Mammoth to be back again?

Mammoth to be back again?The pioneering scientist who created Dolly the sheep has outlined how cells plucked from frozen woolly mammoth carcasses might one day help resurrect the ancient beasts.
The notional procedure was spelled out by Sir Ian Wilmut, the Edinburgh-based stem-cell scientist, whose team unveiled Dolly as the world's first cloned mammal in 1996.
Though it is unlikely that a mammoth could be cloned in the same way as Dolly, more modern techniques that convert tissue cells into stem cells could potentially achieve the feat, Wilmut said in an article yesterday for the academic journalism website, The Conversation.
Woolly mammoths roamed the Earth tens of thousands of years ago in a period called the late Pleistocene.
Their numbers began to fall in North America and on mainland Eurasia about 10,000 years ago. Some lived on for a further 6,000 years.
The prospect of raising woolly mammoths from the dead has gathered pace in recent years as the number of frozen bodies recovered from the Siberian permafrost has soared.

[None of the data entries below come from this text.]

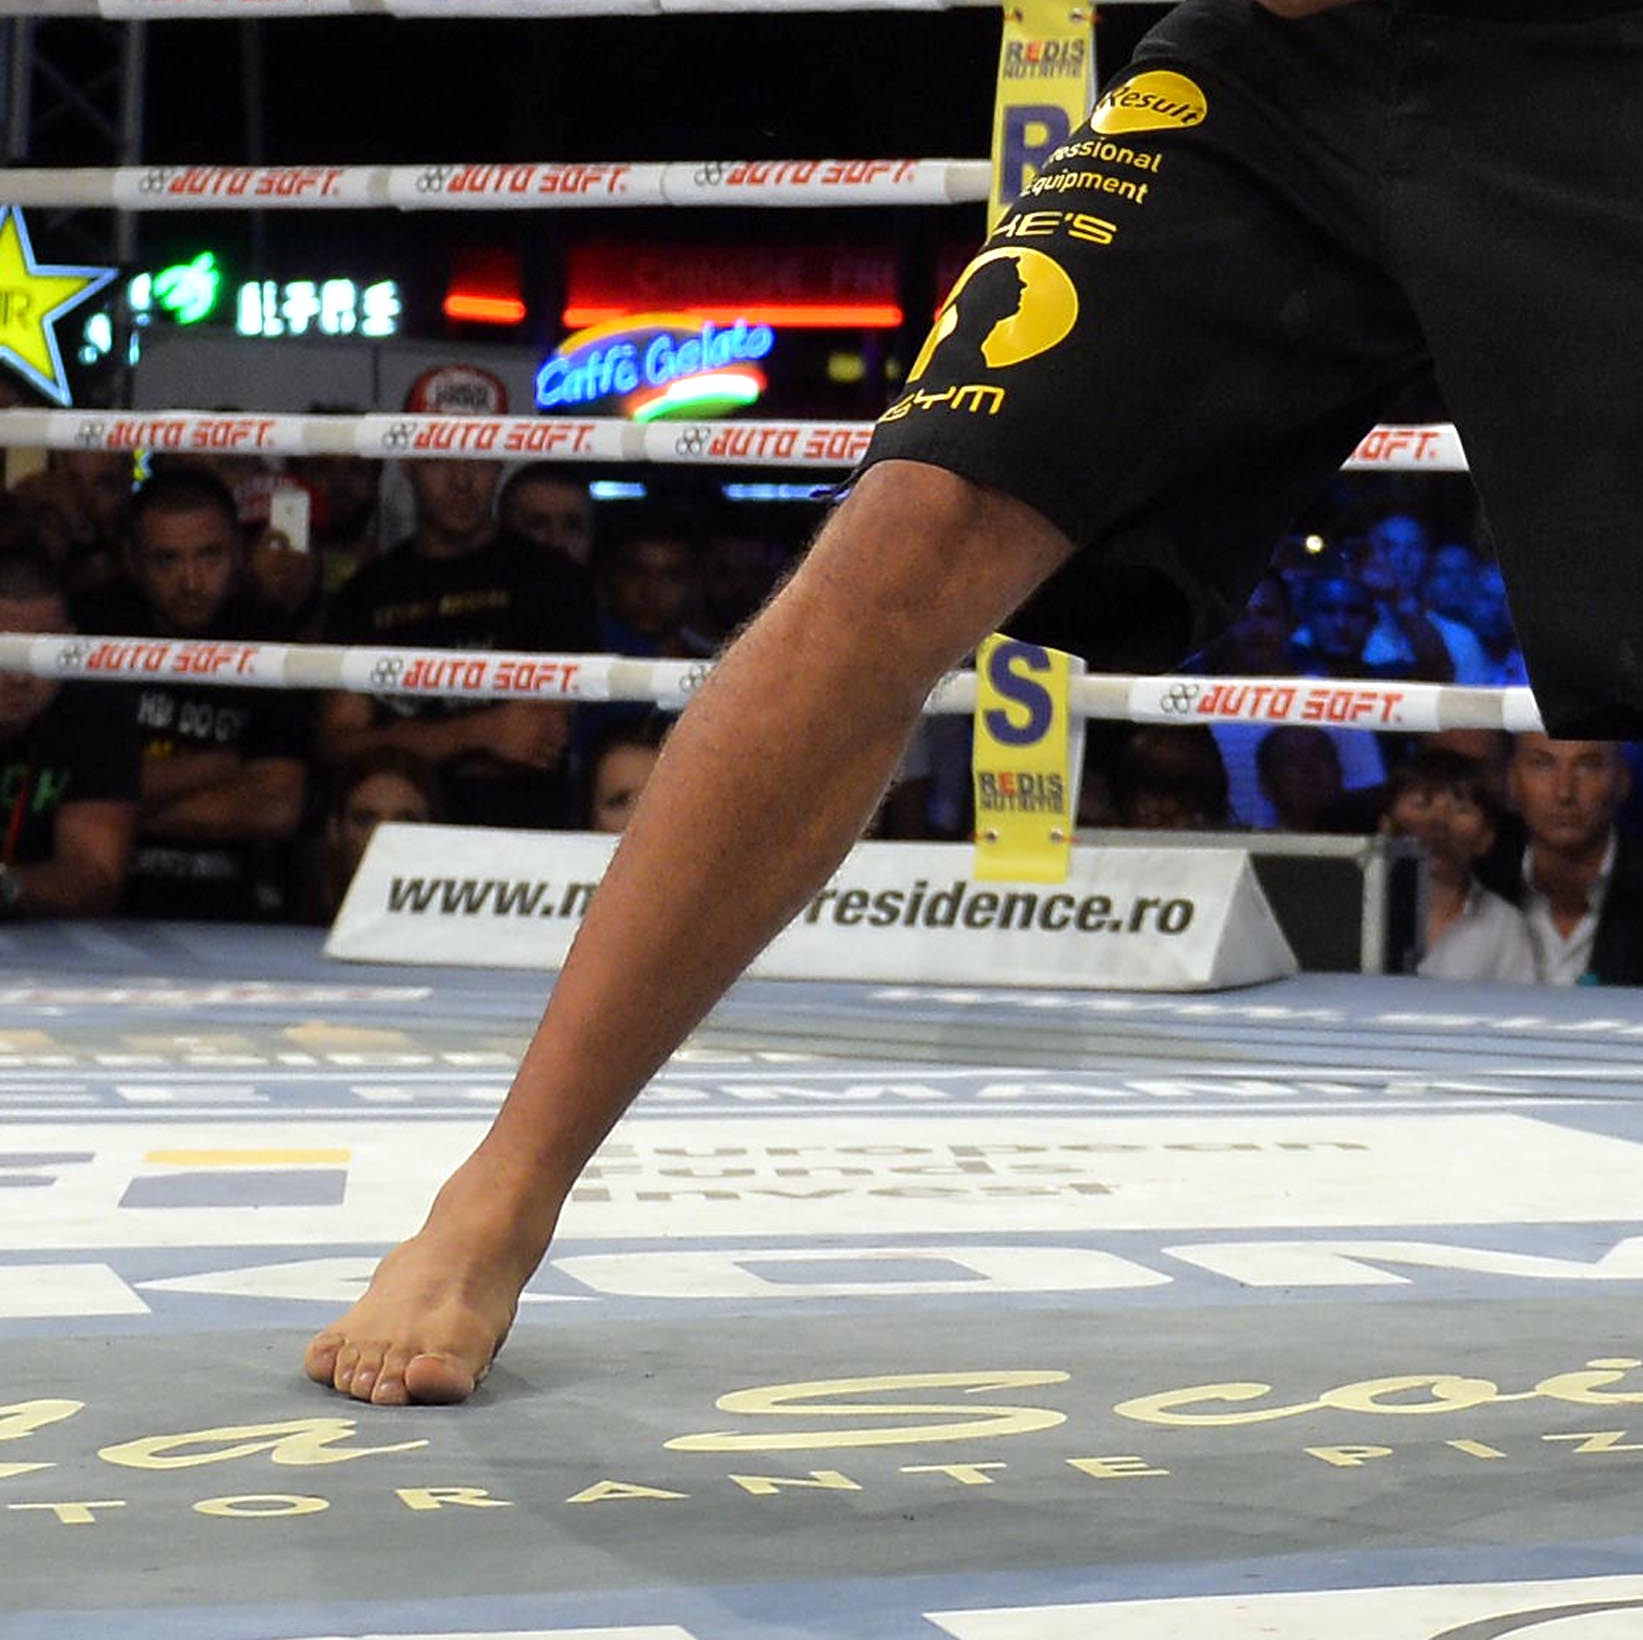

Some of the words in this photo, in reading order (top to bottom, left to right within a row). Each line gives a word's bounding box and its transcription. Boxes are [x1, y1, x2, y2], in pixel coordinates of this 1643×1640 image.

[1006, 39, 1085, 61] REDIS
[645, 322, 776, 385] Gelato
[710, 428, 796, 458] AUTO
[804, 430, 873, 460] SOF
[1354, 430, 1440, 462] OFT
[1197, 684, 1296, 719] AUTO
[979, 771, 1063, 796] REDIS
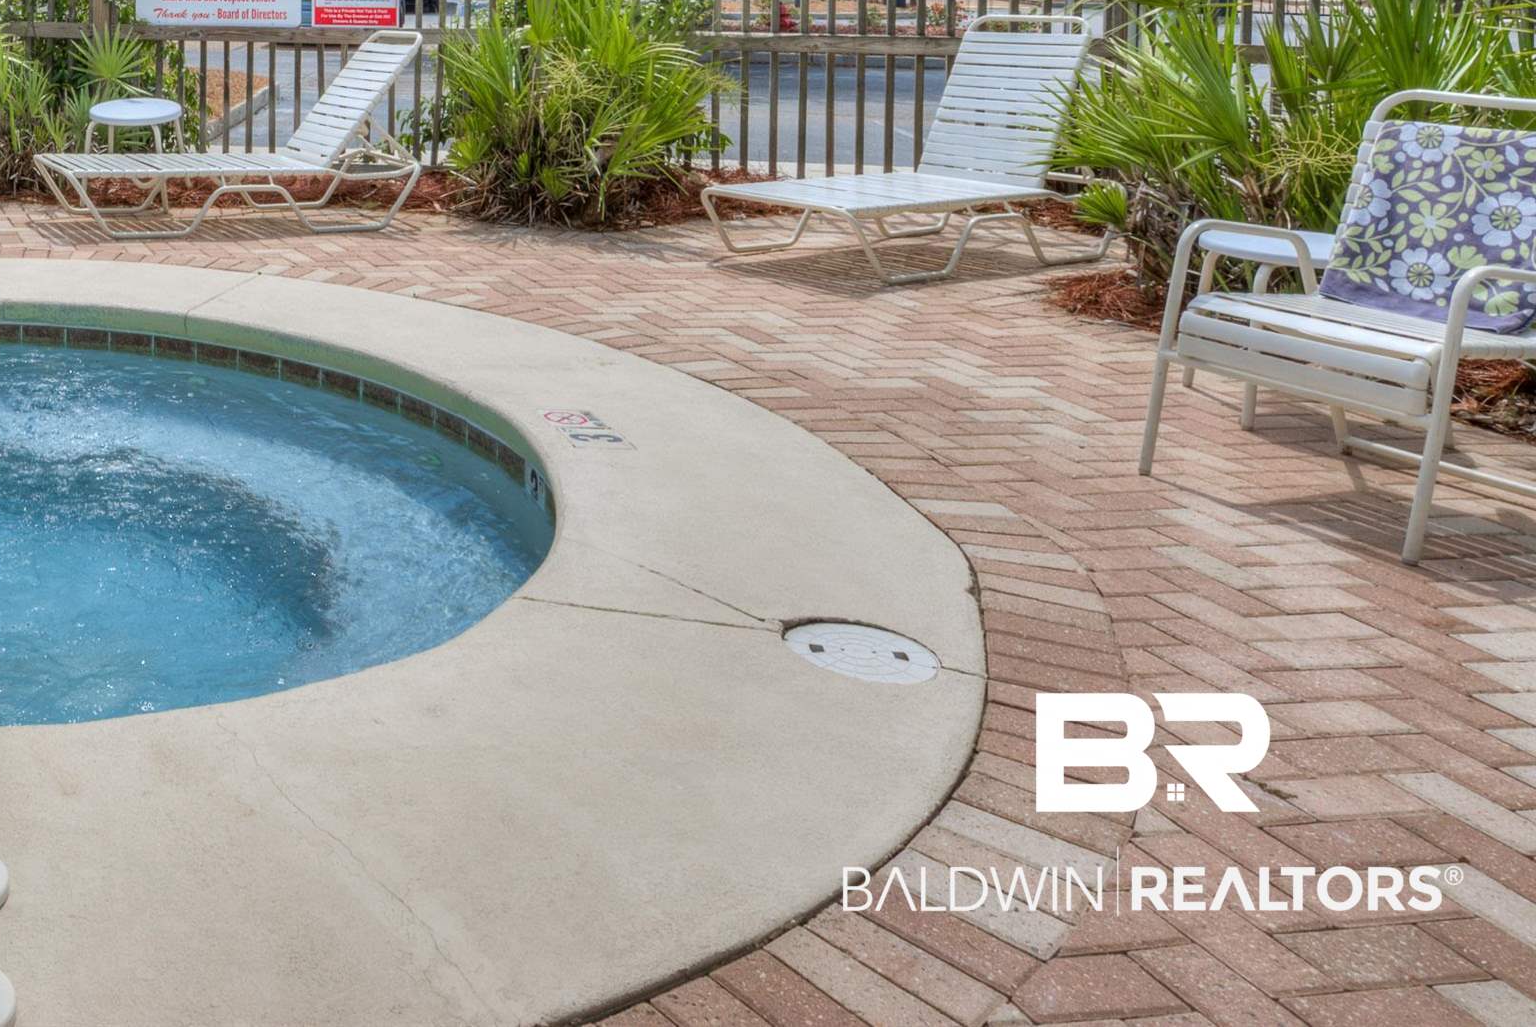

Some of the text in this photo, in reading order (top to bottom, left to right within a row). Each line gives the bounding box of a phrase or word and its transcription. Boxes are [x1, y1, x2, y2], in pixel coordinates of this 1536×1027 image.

[153, 8, 188, 19] Thank
[191, 12, 210, 21] you
[217, 8, 240, 20] Board
[242, 8, 250, 20] of
[252, 8, 288, 20] Directors
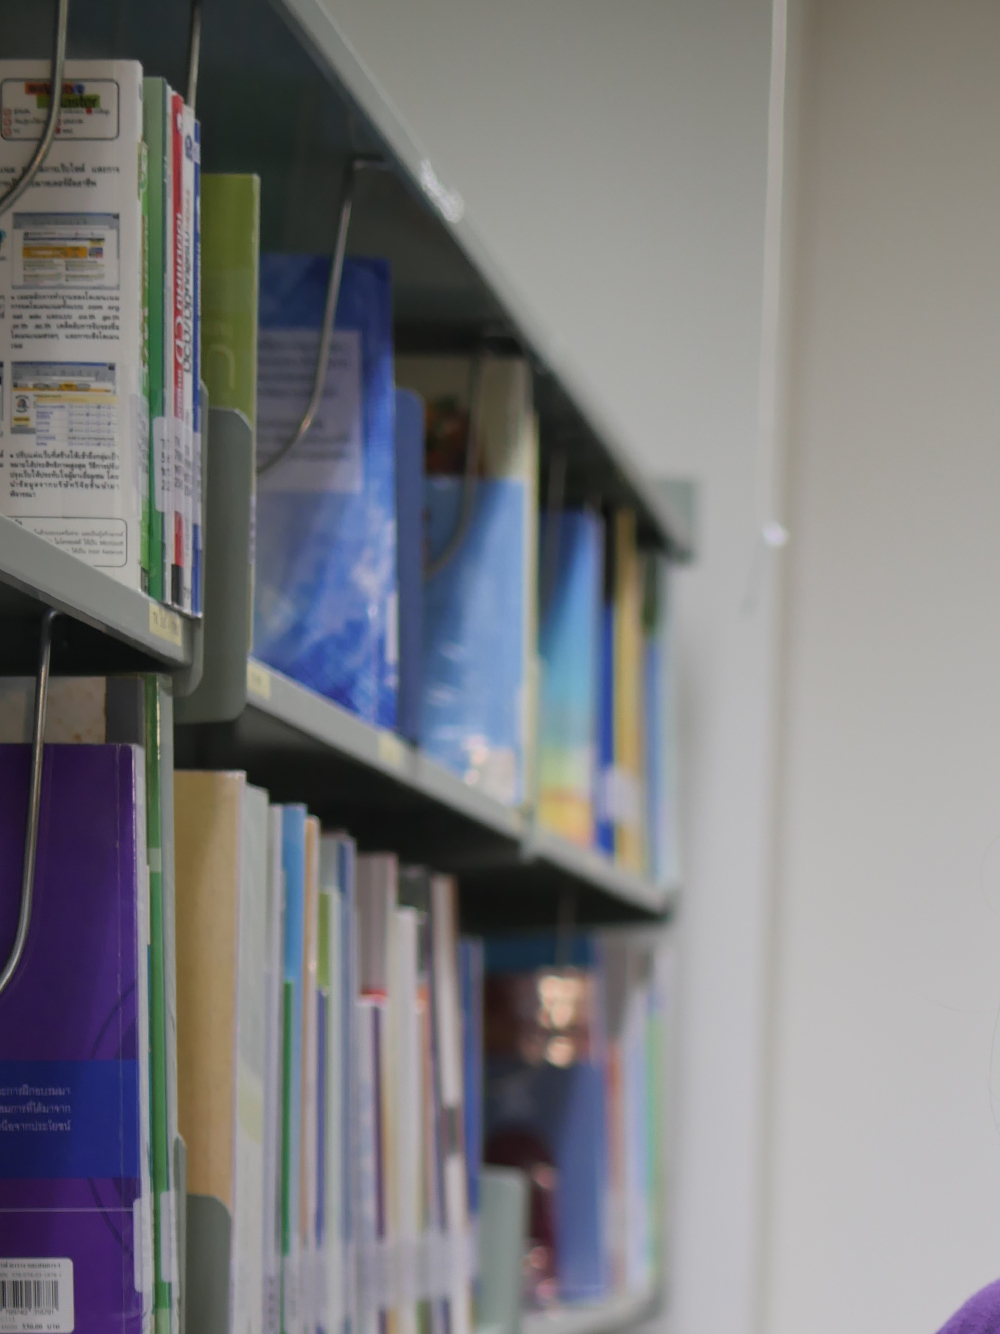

Earlier this month, the most complete woolly mammoth carcass ever recovered from Russia was unveiled at an exhibition in Yokohama, Japan.
"I've always been very sceptical about the whole idea, but it dawned on me that if you could clear the first hurdle of getting viable cells from mammoths, you might be able to do something useful and interesting," Wilmut told the Guardian.
In his article for The Conversation, Wilmut explains the formidable hurdles that stand in the way of scientists who want to clone the beasts.
The technique requires scores of healthy mammoth cells and hundreds or thousands of eggs from a closely related species, such as the Asian elephant.
The most immediate problem is that mammoth cells must survive with their DNA intact. In practice, they degenerate quickly at the temperature of melting snow and ice, when most remains are found.
If good-quality cells can be extracted from mammoth remains, they could be reprogrammed into stem cells using modern procedures. These could then be turned into other kinds of cell, including sperm and eggs.
But the scientist said it could be 50 years before the techniques for resurrecting the woolly mammoth were perfected.